* Directions *
Leave out the images and output the records word for word.
★ ★ ★
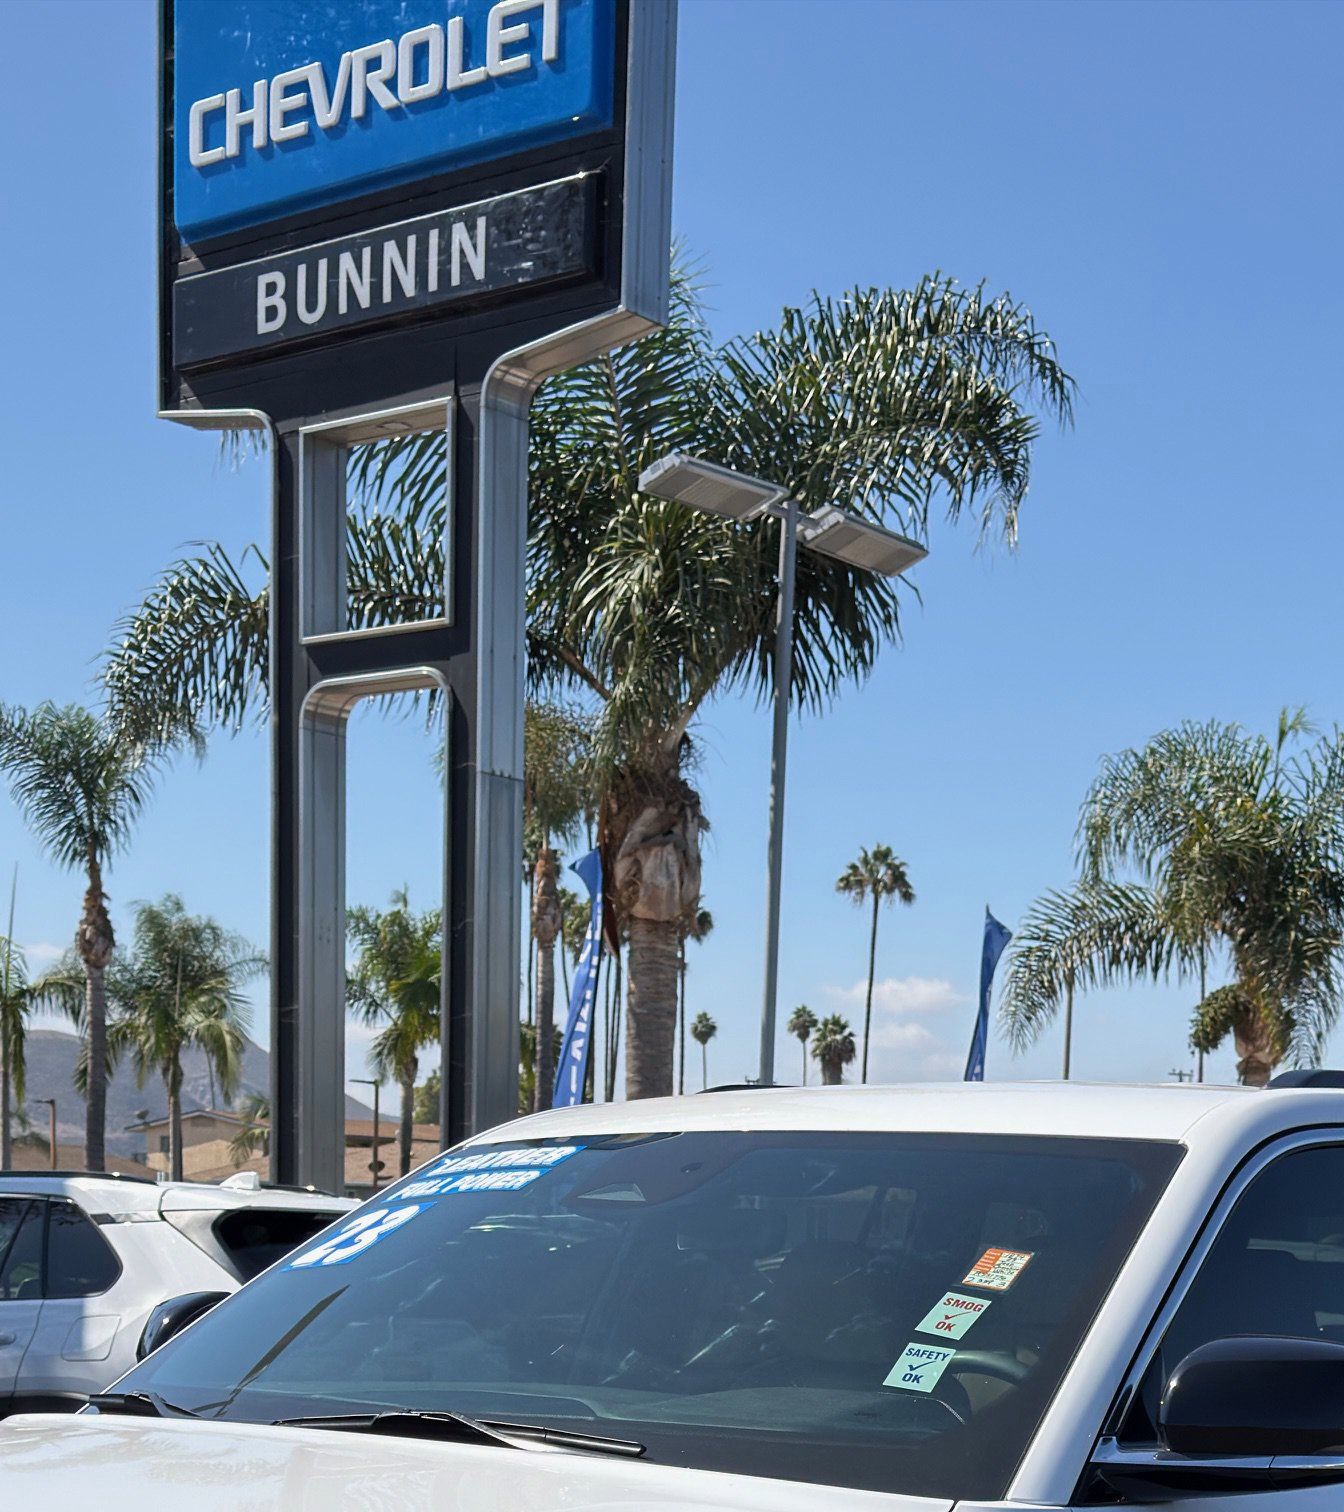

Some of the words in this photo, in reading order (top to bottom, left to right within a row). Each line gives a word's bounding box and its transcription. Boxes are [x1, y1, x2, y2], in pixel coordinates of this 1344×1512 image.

[188, 0, 561, 168] CHEVROLET
[257, 216, 487, 335] BUNNIN
[442, 1170, 541, 1193] POWER
[291, 1205, 421, 1268] 23
[943, 1297, 984, 1313] SMOG
[935, 1321, 956, 1333] OK
[905, 1347, 950, 1361] SAFETY
[901, 1373, 924, 1384] OK
★ ★ ★
* Task response *
Some of the words in this photo, in reading order (top to bottom, left to right within a row). Each line gives a word's bounding box and its transcription. Boxes are [x1, y1, x2, y2], in pixel coordinates of this 1344×1512 image.

[188, 0, 561, 168] CHEVROLET
[257, 216, 487, 335] BUNNIN
[442, 1170, 541, 1193] POWER
[291, 1205, 421, 1268] 23
[943, 1297, 984, 1313] SMOG
[935, 1321, 956, 1333] OK
[905, 1347, 950, 1361] SAFETY
[901, 1373, 924, 1384] OK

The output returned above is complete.